Nos guste o no, cuando perdemos
la confianza los grandes perjudicados somos nosotros mismos. La cuestión
es como salimos de la encrucijada. Si confiamos podremos relajarnos, volver
a disfrutar de la relación y volver a participar de las oportunidades y
sinergias que nos aportaba la relación. Por otra parte, volver a confiar
implica quedar expuestos de nuevo, renunciar a la seguridad que creíamos haber
ganado. Es evidente que se trata de una elección, y eso es una gran noticia. Podemos
elegir. Podemos volver a confiar si queremos, aunque no estamos obligados a
hacerlo y tenemos todo el derecho del mundo a asumir los riesgos que esta
elección conlleve, por ilógico o terrible que pueda parecer.
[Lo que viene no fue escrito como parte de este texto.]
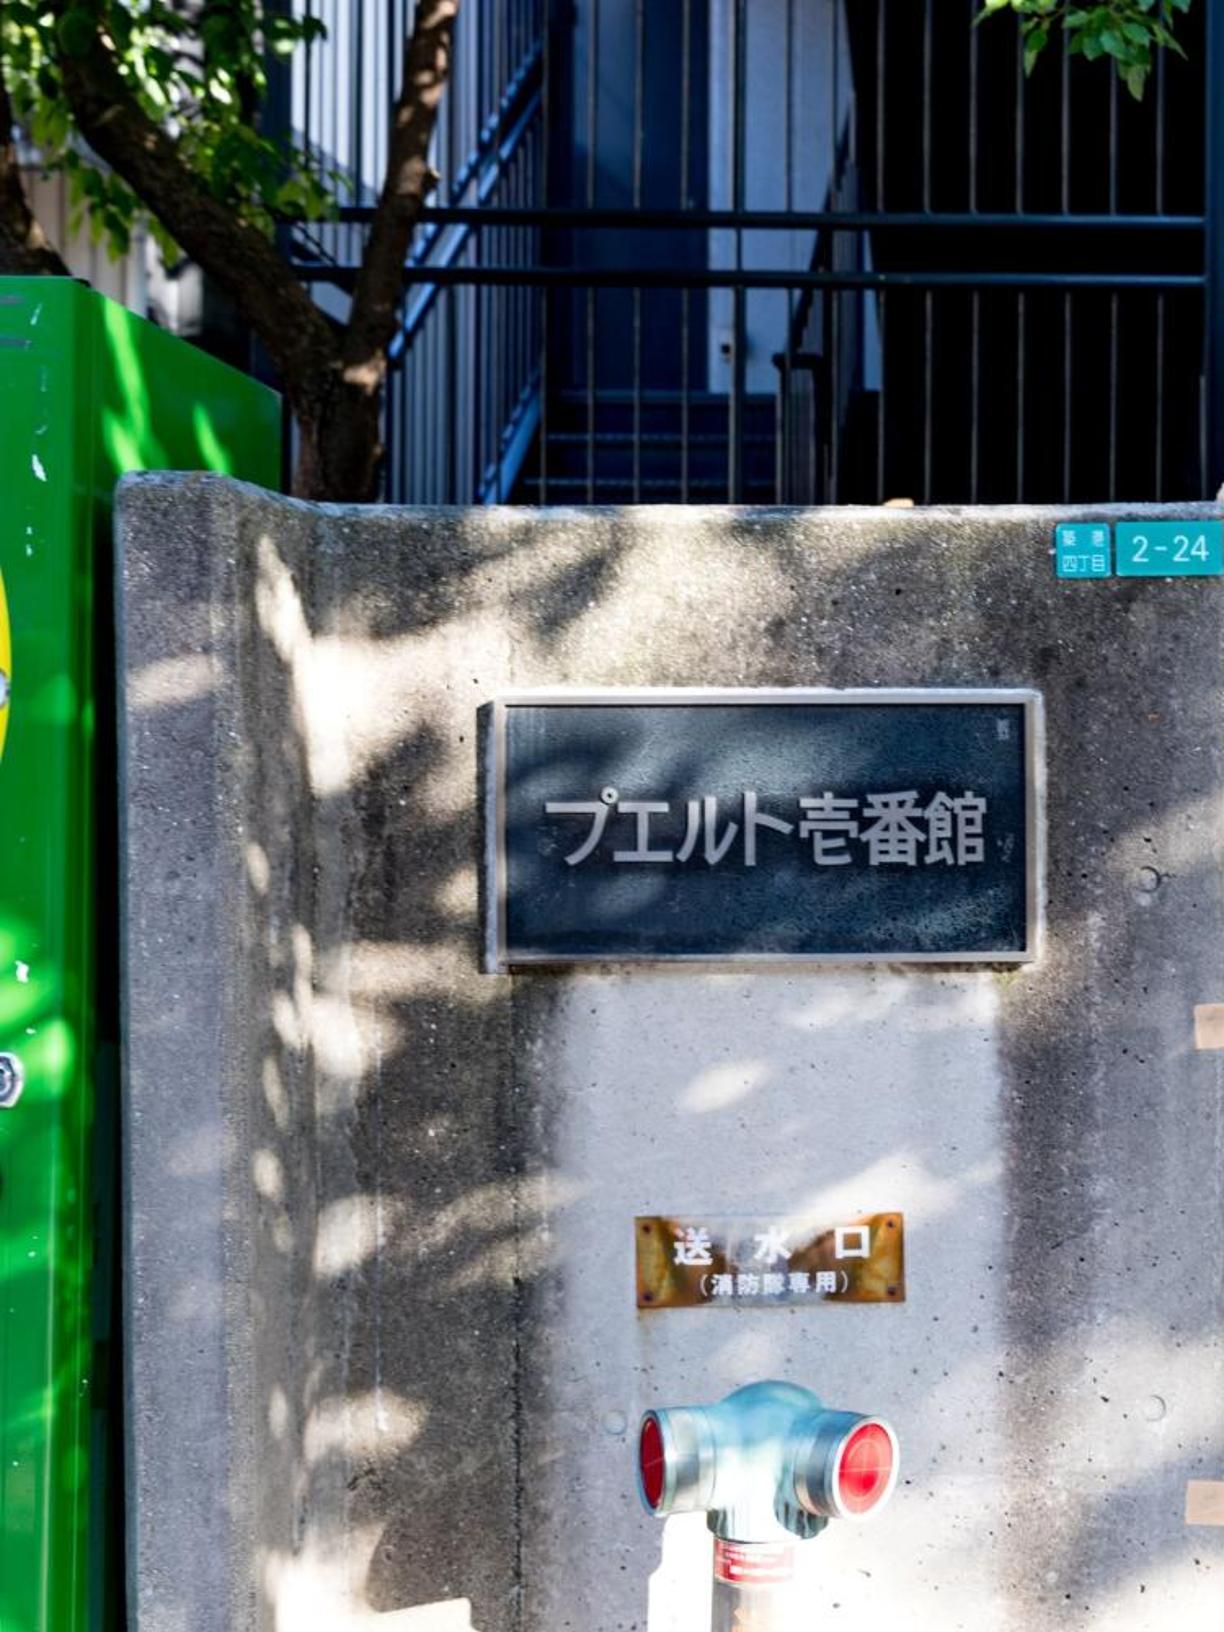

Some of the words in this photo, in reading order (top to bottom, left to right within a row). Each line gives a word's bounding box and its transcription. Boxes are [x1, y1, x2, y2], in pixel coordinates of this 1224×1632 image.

No deberíamos olvidar que todos, por el hecho de
nacer sin que nos pregunten:
tenemos derecho a equivocarnos.
Lo que carece de sentido es
cargarle a la otra persona la responsabilidad de nuestra elección. Es tentador
pensar que es la otra persona quien debe recuperar nuestra confianza, pero es
un error. La confianza no depende del otro, es una elección que depende
exclusivamente de nosotros mismos. Sólo nosotros podemos elegir en quién
confiamos y cuándo.
La confianza, como tantas otras
cosas, es una cuestión de expectativas, y las expectativas son responsabilidad
exclusiva de quien las crea. Probablemente para volver a confiar tenemos que
hacer dos cambios importantes. En primer lugar revisar nuestras expectativas,
quizás esperábamos demasiado del otro. Quizá dimos por hecho que la otra persona
conocía lo que esperábamos de él o ella y que solo por eso debía actuar de
acuerdo con nuestros deseos. No deberíamos olvidar que todos, por el hecho de
nacer sin que nos pregunten, tenemos derecho a equivocarnos, a cansarnos, a
cambiar de opinión y a pensar en nuestro propio beneficio de vez en
cuando.
La costosa máquina de la desconfianza
El segundo cambio es coger con
más fuerza aún la responsabilidad de las consecuencias. Si empezamos a
desconfiar es porque en algún momento asumimos que las posibles consecuencias
de seguir confiando eran lo suficientemente graves como para justificar el
enorme esfuerzo que conlleva la desconfianza. Nunca está de más repetir ese
análisis, en muchos casos tendemos a exagerar o dramatizar las consecuencias o
implicaciones de ciertos eventos sin darnos cuenta. Así que preguntémonos si
realmente lo peor que podría ocurrir es tan grave como para justificar la
puesta en marcha de la costosa e improductiva máquina de la desconfianza.
Al
final, se trata de una vez más de gestionar nuestras expectativas y elegir. Y
eso siempre es una gran noticia, porque lo peor que puede pasar es que nos
equivoquemos y hasta en ese caso, tenemos la oportunidad de asumir las
consecuencias y buscar una nueva oportunidad para hacerlo mejor, ¡faltaría más!